Data extracted from a collection
+++

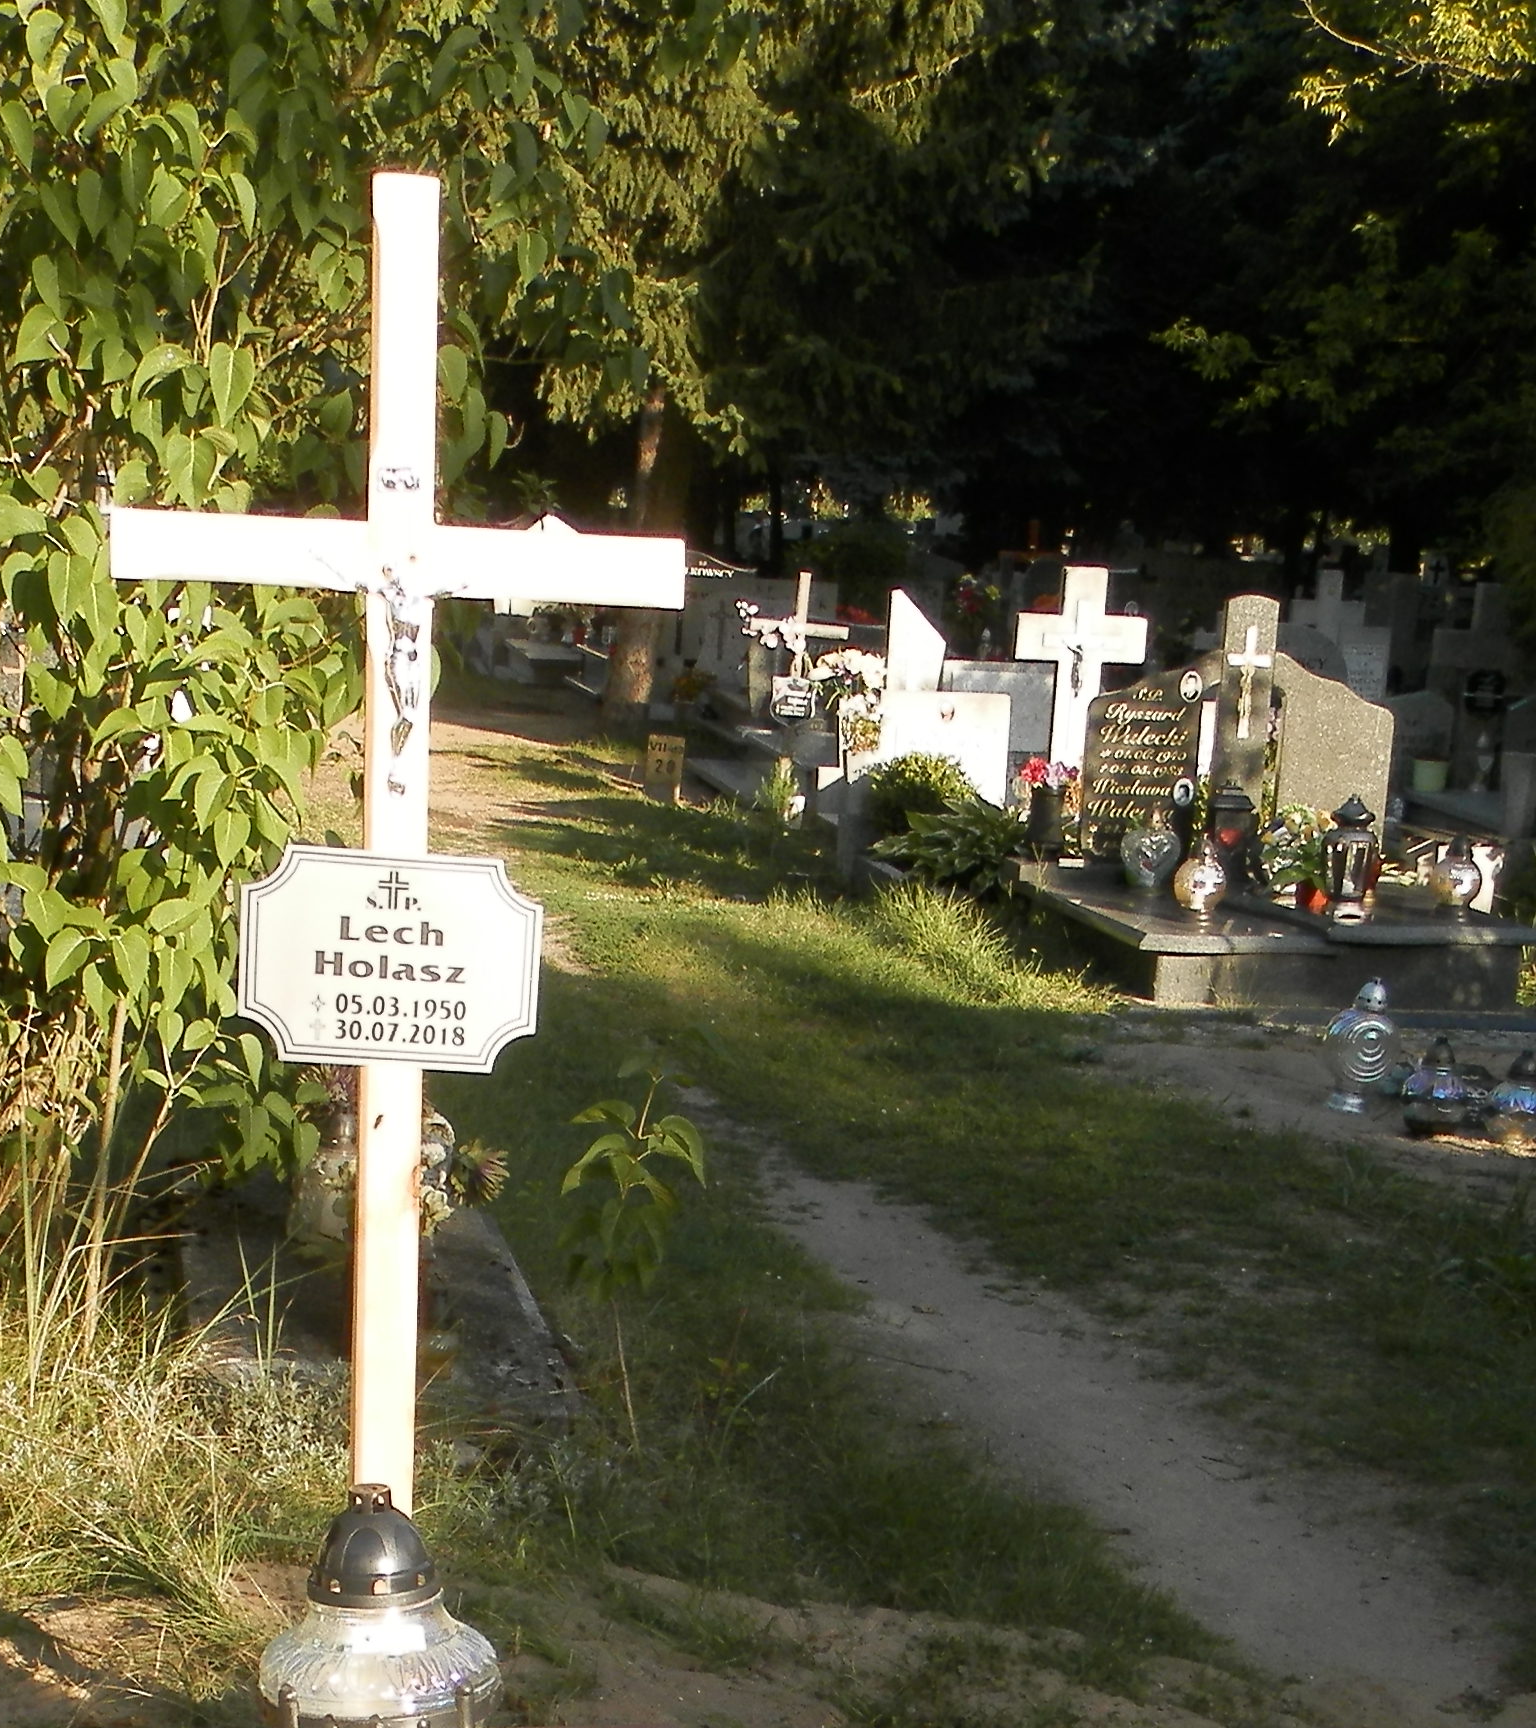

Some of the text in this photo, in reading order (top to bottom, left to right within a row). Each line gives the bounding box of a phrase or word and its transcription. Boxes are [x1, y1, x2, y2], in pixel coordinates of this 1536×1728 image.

[1105, 702, 1187, 726] Ryszard
[339, 915, 444, 947] Lech
[315, 950, 466, 984] Holasz
[335, 993, 467, 1021] 05.03.1950
[335, 1019, 466, 1047] 30.07.2018

+++

Could you output the full set of entries exactly, skipping every picture?

» EXERCISE ANSWER:
Some of the text in this photo, in reading order (top to bottom, left to right within a row). Each line gives the bounding box of a phrase or word and its transcription. Boxes are [x1, y1, x2, y2], in pixel coordinates of this 1536×1728 image.

[1105, 702, 1187, 726] Ryszard
[339, 915, 444, 947] Lech
[315, 950, 466, 984] Holasz
[335, 993, 467, 1021] 05.03.1950
[335, 1019, 466, 1047] 30.07.2018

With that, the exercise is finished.